In terms of the process, things have been difficult. Loss and Damage is a critical issue for this COP, yet room sizes have simply been too small, meaning that observers — and even parties — got kicked out of consultations today. ECO thanks the EU representative for recognising the role of civil society in pushing the loss and damage agenda, and for asking for an overflow room for observers.
In terms of substance, familiar battle lines are being drawn. G77+China and AOSIS have clear positions and are holding their lines. Any attempts to sow divisions have so far been unsuccessful.
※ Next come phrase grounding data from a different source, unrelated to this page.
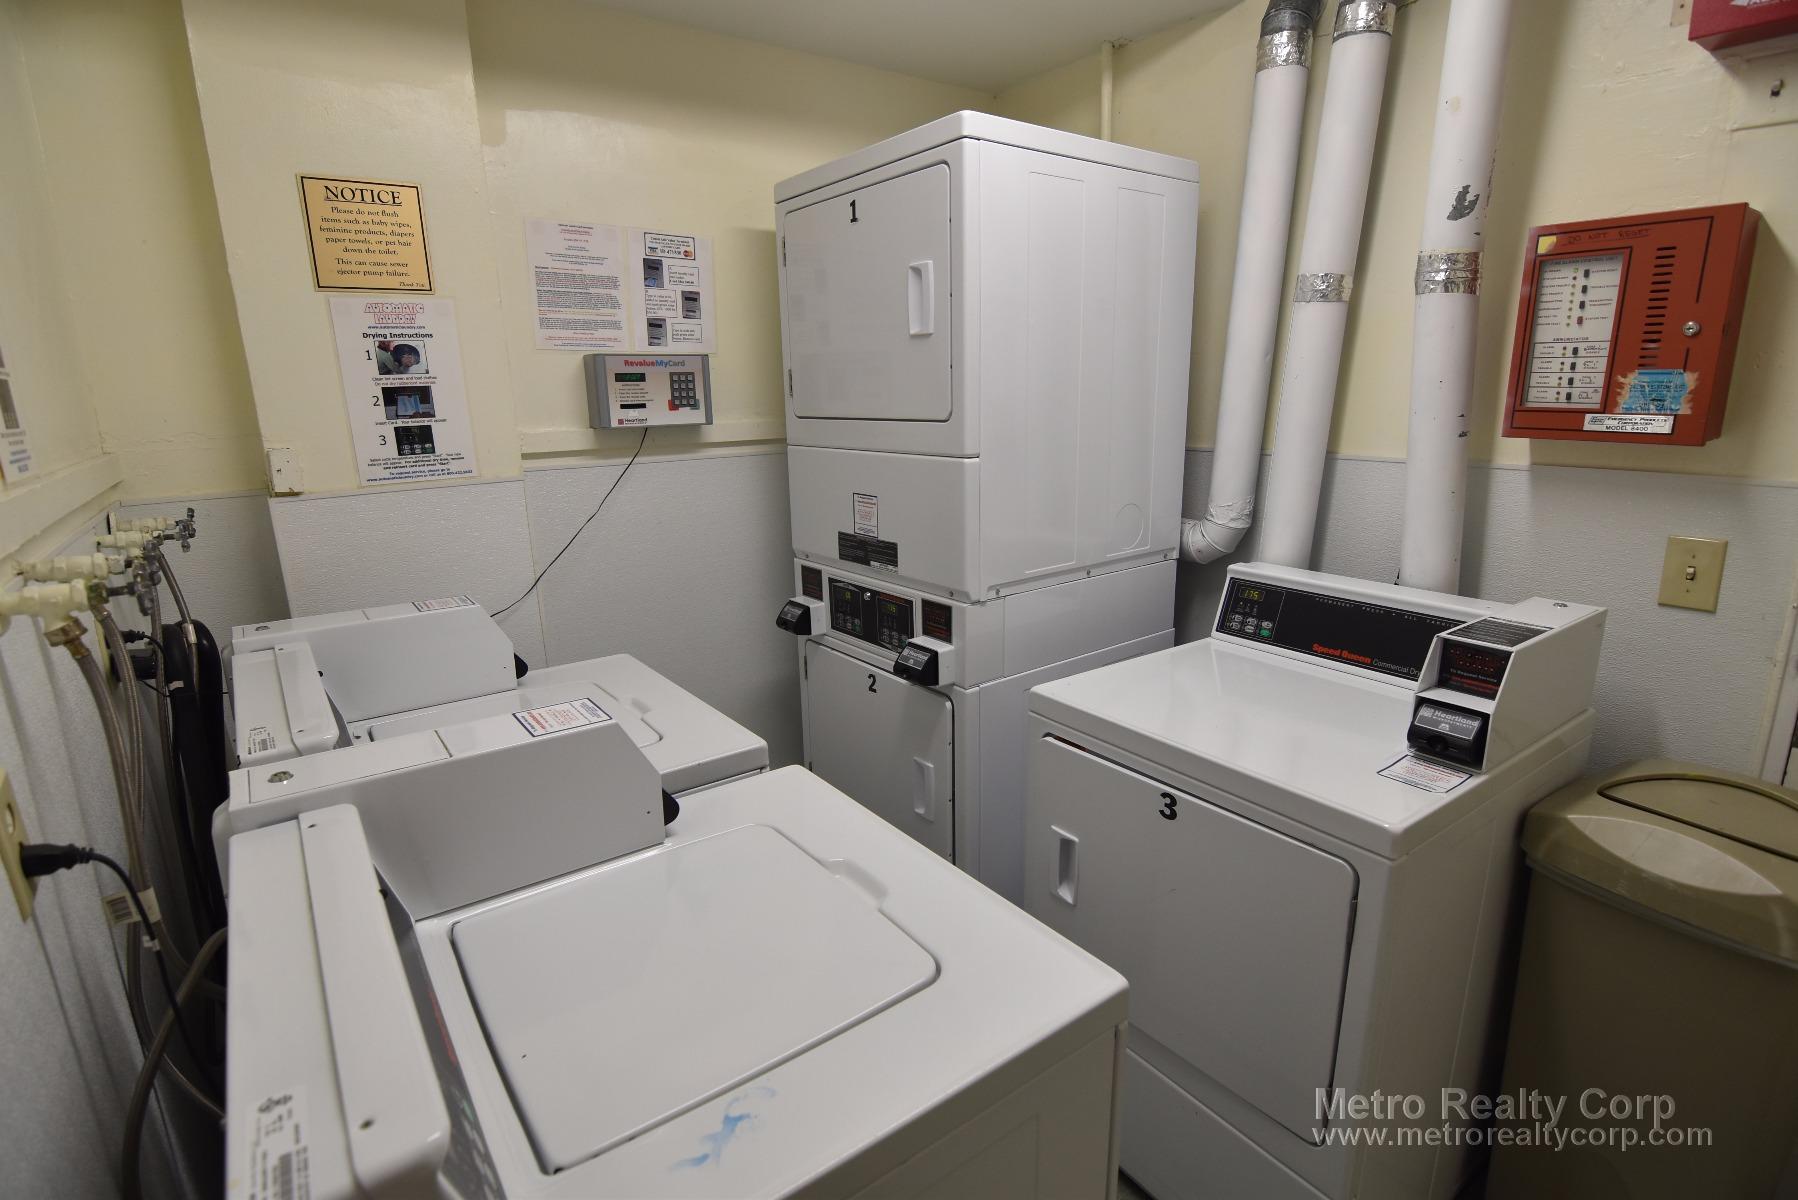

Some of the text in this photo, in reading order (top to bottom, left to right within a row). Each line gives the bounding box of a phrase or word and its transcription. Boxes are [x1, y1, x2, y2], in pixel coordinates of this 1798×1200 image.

[324, 185, 402, 205] NOTICE
[331, 206, 354, 215] Please
[382, 209, 398, 218] flush
[850, 200, 858, 224] 1
[372, 218, 388, 228] baby
[320, 225, 414, 238] feminine products, diapers
[364, 302, 424, 314] AUTOMATIC
[366, 350, 372, 360] 1
[624, 360, 686, 368] RevalueMyCard
[372, 396, 380, 406] 2
[378, 435, 387, 446] 3
[1312, 642, 1341, 656] Speed
[1342, 650, 1372, 664] Queen
[1372, 658, 1408, 674] Commercial
[868, 674, 877, 694] 2
[1434, 710, 1478, 726] Heartland
[1158, 792, 1178, 820] 3
Indeed, the first of their asks seems to have been achieved: recognition of the loss and damage finance gap. As the Prime Minister of Antigua and Barbuda said on Tuesday, this should not be perceived as a controversial issue.
There is more debate on the need for a new loss and damage financing facility, that this funding should be new and additional, and precisely what should be agreed at this COP. Developed countries are keen to highlight all the work that needs to be done before any such fund could be agreed upon. Perhaps a bit like the ‘merchants of doubt’ — who claimed that there was no certainty about the link between cigarettes and cancer, and climate deniers who have exploited any gaps however small in scientific knowledge — they call for more information, more data, more research, more workshops, more reports, before anything can be concretely taken forward.

We know that the funding gaps exist; we know there is a need. There simply isn’t enough money being made available, as Pakistan is currently finding out as it tries to respond to devastating floods. In this context, the call for more workshops feels like bad faith negotiating.
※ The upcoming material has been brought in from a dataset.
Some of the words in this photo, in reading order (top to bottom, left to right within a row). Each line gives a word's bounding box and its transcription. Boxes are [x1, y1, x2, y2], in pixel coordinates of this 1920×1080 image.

Could it be that developed countries are pledging small sums (a few million, when what is needed is billions) to take the heat out of the discussion? And that they will propose procedural outcomes as a way of kicking this into the long grass? Yes, there’s a need for a work plan to develop the details, but this should be with a clear view of the required outcome: a new fund.

Developed nations have failed to mitigate the climate crisis. They have failed to provide adequate finance and support for adaptation. And now, by all appearances, they are attempting to delay decision-making on loss and damage facility creation and avoid any concrete commitments here in Sharm el-Sheikh.

With limited time for negotiations to take place, ECO urges these negotiators to reconsider and address the third key aspect of loss and damage finance: a commitment to a dedicated loss and damage finance facility.
COP27 is an African COP, and a climate justice COP. In the third informal negotiations we saw developed countries show how little they understand climate justice. They showed their cards clearly by offering a united set of procedural outcomes that is detached from the urgency needed.

2024 is too late. Negotiators, your delay is killing people.

The time is now, and we cannot come out of this COP with nothing but hot air.